CHASSEUR D'HOTEL


À la Belle Époque, le métier de chasseur en hôtellerie était un rouage discret mais essentiel du luxe à la française. Ce rôle, souvent confondu avec celui du groom, faisait partie d’un ensemble de métiers dédiés à l’accueil et au confort des clients dans les grands hôtels.
Il était chargé d’effectuer les courses à l’extérieur pour les clients : achats, envoi de courrier, démarches bancaires, réservations de spectacles ou de transports .
Il travaillait sous l’autorité du concierge, aux côtés du voiturier, portier, bagagiste, groom et liftier.
Le chasseur devait faire preuve de discrétion, efficacité et distinction, avec une présentation irréprochable et souvent une maîtrise de plusieurs langues étrangères.
Cette période (fin XIXe – début XXe siècle) marque l’essor du tourisme de luxe, notamment à Paris, sur la Côte d’Azur et dans les stations thermales.
Les grands hôtels comme le Ritz ou le Negresco se développent, adoptant les standards de l’hôtellerie internationale, avec des services personnalisés et une hiérarchie bien définie.
Le métier de chasseur s’inscrit dans cette logique de service sur mesure, où chaque client est traité comme un invité de marque.
Évolution du métier
Aucun diplôme n’était requis, mais une expérience dans l’accueil et une bonne présentation étaient indispensables.
Le poste pouvait servir de tremplin vers des fonctions de réception, voire de concierge, pour les plus ambitieux.
Ce métier, aujourd’hui moins visible, reste un symbole d’une époque où l’hospitalité était un art.

Le chasseur et la duchesse oubliée
Dans un palace renommé de la rive droite, un chasseur du nom de Jules était réputé pour sa discrétion et son flair à résoudre des situations épineuses… mais celle-ci allait le propulser au rang de héros improvisé.

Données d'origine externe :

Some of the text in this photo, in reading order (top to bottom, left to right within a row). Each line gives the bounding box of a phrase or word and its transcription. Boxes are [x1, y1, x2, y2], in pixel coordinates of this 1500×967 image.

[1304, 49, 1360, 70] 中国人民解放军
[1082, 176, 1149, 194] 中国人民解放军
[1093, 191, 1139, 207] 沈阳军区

Un soir, une duchesse fantasque, habituée des lieux, sort précipitamment après un dîner mondain, laissant derrière elle un sac à main contenant… la clef de son coffre privé, quelques bijoux de grande valeur, et surtout une lettre d’amour adressée à un comte qui n’était pas son mari.

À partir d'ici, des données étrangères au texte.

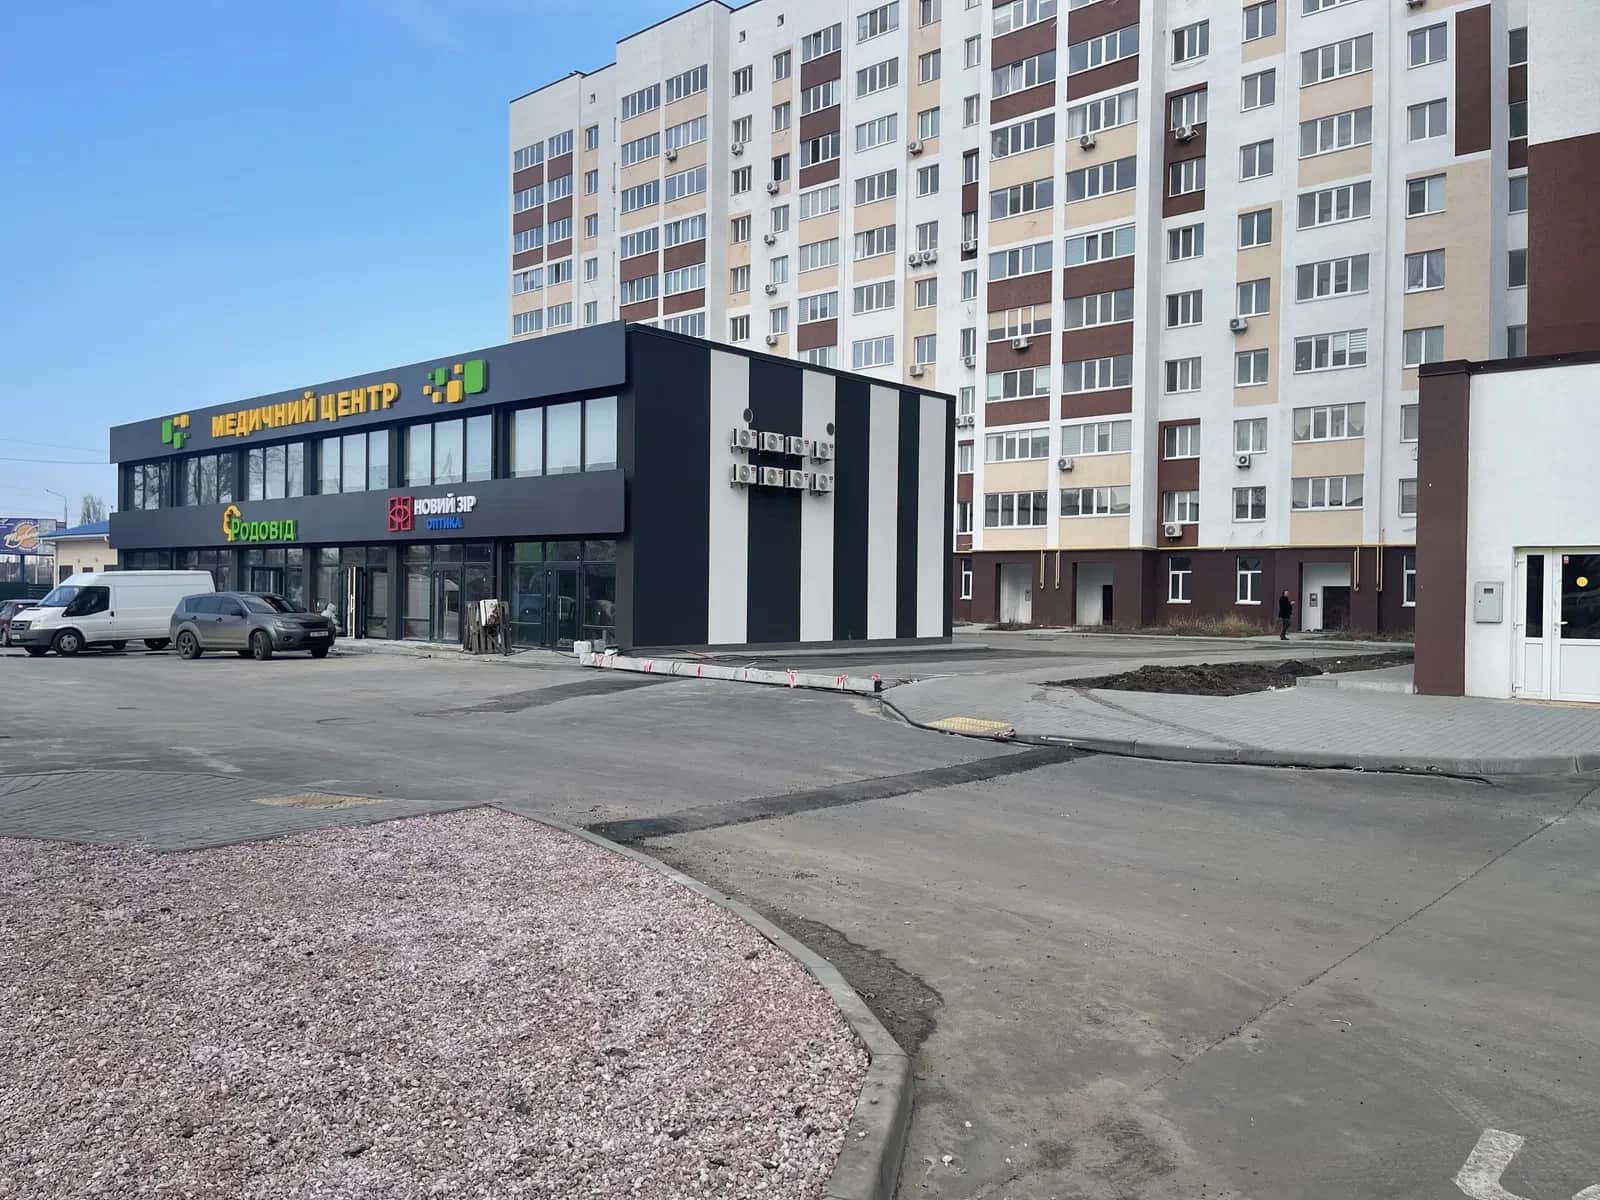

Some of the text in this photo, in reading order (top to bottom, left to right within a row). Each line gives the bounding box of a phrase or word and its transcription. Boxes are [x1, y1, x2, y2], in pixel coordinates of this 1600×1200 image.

Le réceptionniste panique, mais Jules garde son calme. Il file dans la nuit avec son flair légendaire, retrouve la calèche de la duchesse à l’Opéra, grimpe discrètement à bord, et lui glisse le sac sans un mot, juste avec son regard entendu et un clin d’œil professionnel. La duchesse lui glisse alors une bague en rubis en guise de remerciement que Jules, fidèle à l’étiquette, remettra au directeur... avant de se faire offrir une prime et un jour de congé bien mérité.